The provider-level attribution weights are based on the share of authorships of eligible note types. Specifically, for each provider j, let a_ij be the total count of eligible note types for hospitalization i authored by provider j, and let a_i be the overall total count of eligible note types for hospitalization i. Then the attribution weight is

(Eq. 1)

for hospitalization i and provider j. Note that ∑_jw_ij = 1: in other words, the total attribution, summed across all providers, is constrained to be 1 for each hospitalization.

Patient Outcomes

Outcomes were chosen based on their routine use in health care systems as standards when evaluating provider performance. This study included 6 outcomes: inpatient LOS, inpatient mortality, 30-day inpatient readmission, and patient responses from 3 survey questions. These outcomes can be collected without any manual chart reviews, and therefore are viewed as objective outcomes of provider performance.

Each outcome was aggregated for each provider using both attribution methods independently. For the PAPR method, observed-to-expected (OE) indices for LOS, mortality, and readmissions were calculated along with average patient survey scores. For the PAMM method, provider-level random effects from the fitted models were used. In both cases, the calculated measures were used for ranking purposes when determining top (or bottom) providers for each outcome.
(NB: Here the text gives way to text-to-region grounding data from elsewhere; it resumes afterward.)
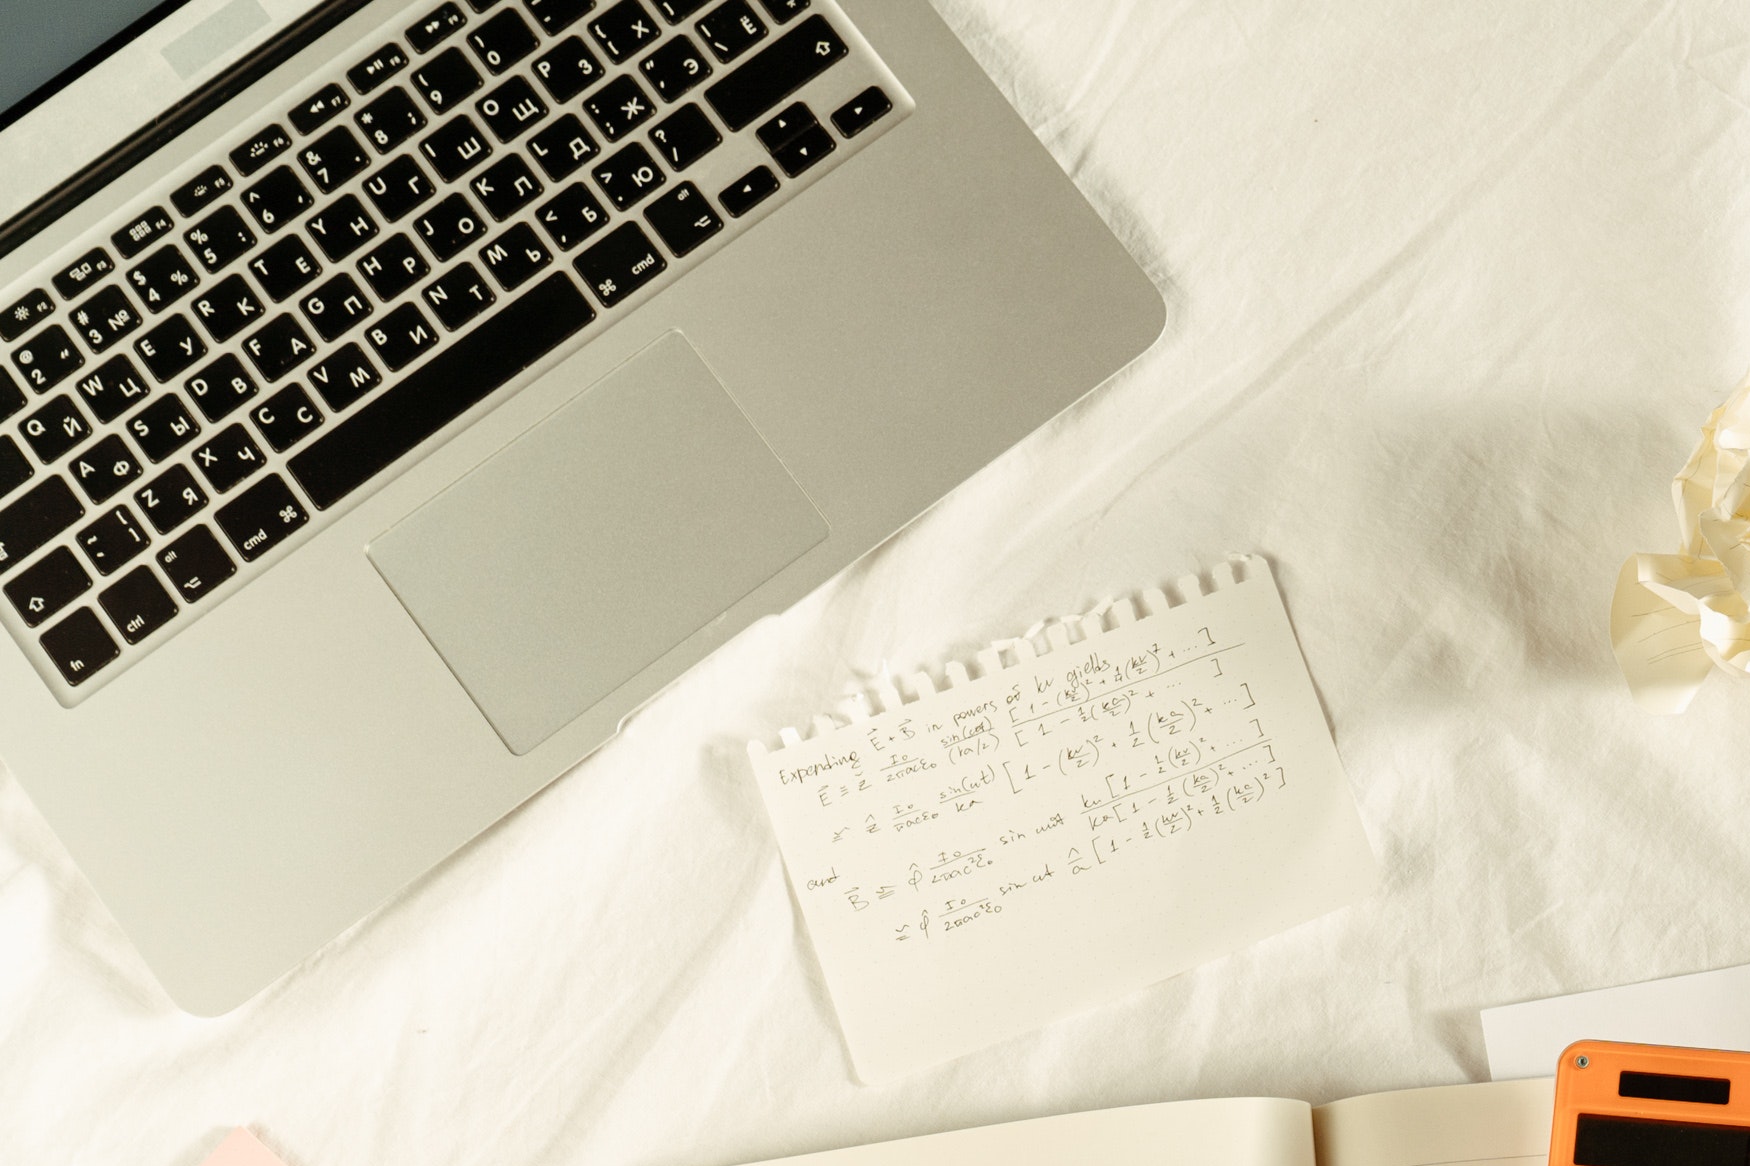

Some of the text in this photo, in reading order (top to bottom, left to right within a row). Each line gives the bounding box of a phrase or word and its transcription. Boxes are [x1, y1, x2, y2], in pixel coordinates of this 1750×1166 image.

[538, 62, 550, 77] P
[431, 91, 442, 104] 9
[375, 130, 388, 144] 8
[533, 143, 548, 156] L
[306, 151, 321, 165] &
[318, 168, 328, 183] 7
[369, 177, 386, 194] U
[476, 178, 494, 195] K
[678, 189, 689, 200] alt
[263, 209, 274, 223] 6
[312, 219, 326, 234] Y
[424, 220, 434, 235] J
[191, 230, 208, 244] %
[204, 248, 216, 263] 5
[487, 245, 507, 264] M
[254, 259, 268, 275] T
[363, 257, 382, 275] H
[632, 254, 654, 274] cmd
[134, 271, 146, 285] $
[171, 271, 188, 285] %
[149, 288, 160, 301] 4
[429, 286, 447, 304] N
[198, 301, 214, 316] R
[308, 298, 324, 314] G
[78, 311, 88, 325] #
[89, 329, 102, 343] 3
[372, 329, 387, 345] B
[141, 340, 155, 356] E
[249, 339, 260, 355] F
[20, 350, 33, 364] @
[32, 369, 46, 384] 2
[314, 366, 328, 382] V
[83, 375, 103, 395] W
[192, 379, 208, 395] D
[259, 408, 274, 423] C
[27, 420, 45, 435] Q
[134, 420, 149, 436] S
[199, 448, 217, 466] X
[80, 461, 95, 477] A
[142, 489, 159, 507] Z
[244, 529, 267, 550] cmd
[165, 551, 177, 562] alt
[127, 615, 144, 632] ctrl
[70, 660, 84, 671] fn
Individual Provider Metrics for the PAPR Method

Inpatient LOS Index. Hospital inpatient LOS was measured as the number of days between admission date and discharge date. For each hospital visit, an expected LOS was determined using Premier’s CareScience Analytics (CSA) risk-adjustment methodology.¹⁰ The CSA methodology for LOS incorporates a patient’s clinical history, demographics, and visit-related administrative information.

Let n_j be the number of hospitalizations attributed to provider j. Let o_ij and e_ij be the observed and expected LOS, respectively, for hospitalization i = 1,…,n_j attributed to provider j. Then the inpatient LOS index for provider j is L_j = ∑_io_ij⁄∑_ie_ij.

Inpatient Mortality Index. Inpatient mortality was defined as the death of the patient during hospitalization. For each hospitalization, an expected mortality probability was determined using Premier’s CSA risk-adjustment methodology.¹⁰ The CSA methodology for mortality incorporates a patient’s demographics and comorbidities.

Just as before, let n_j be the number of hospitalizations attributed to provider j. Let m_ij = 1 if the patient died during hospitalization i = 1, … , n_j attributed to provider j; m_ij = 0 otherwise. Let p_ij^(m) be the corresponding expected mortality probability. Then the inpatient mortality index for provider j is M_j = ∑_im_ij⁄∑_ip_ij^(m).

30-Day Inpatient Readmission Index. A 30-day inpatient readmission was defined as the event when a patient is discharged and readmits back into the inpatient setting within 30 days. The inclusion criteria defined by the Centers for Medicare and Medicaid Services (CMS) all-cause hospital-wide readmission measure was used and, consequently, planned readmissions were excluded.¹² Readmissions could occur at any Banner hospital, including the same hospital. For each hospital visit, an expected readmission probability was derived using Premier’s CSA risk-adjustment methodology.¹⁰ The CSA methodology for readmissions incorporates a patient’s clinical history, demographics, and visit-related administrative information.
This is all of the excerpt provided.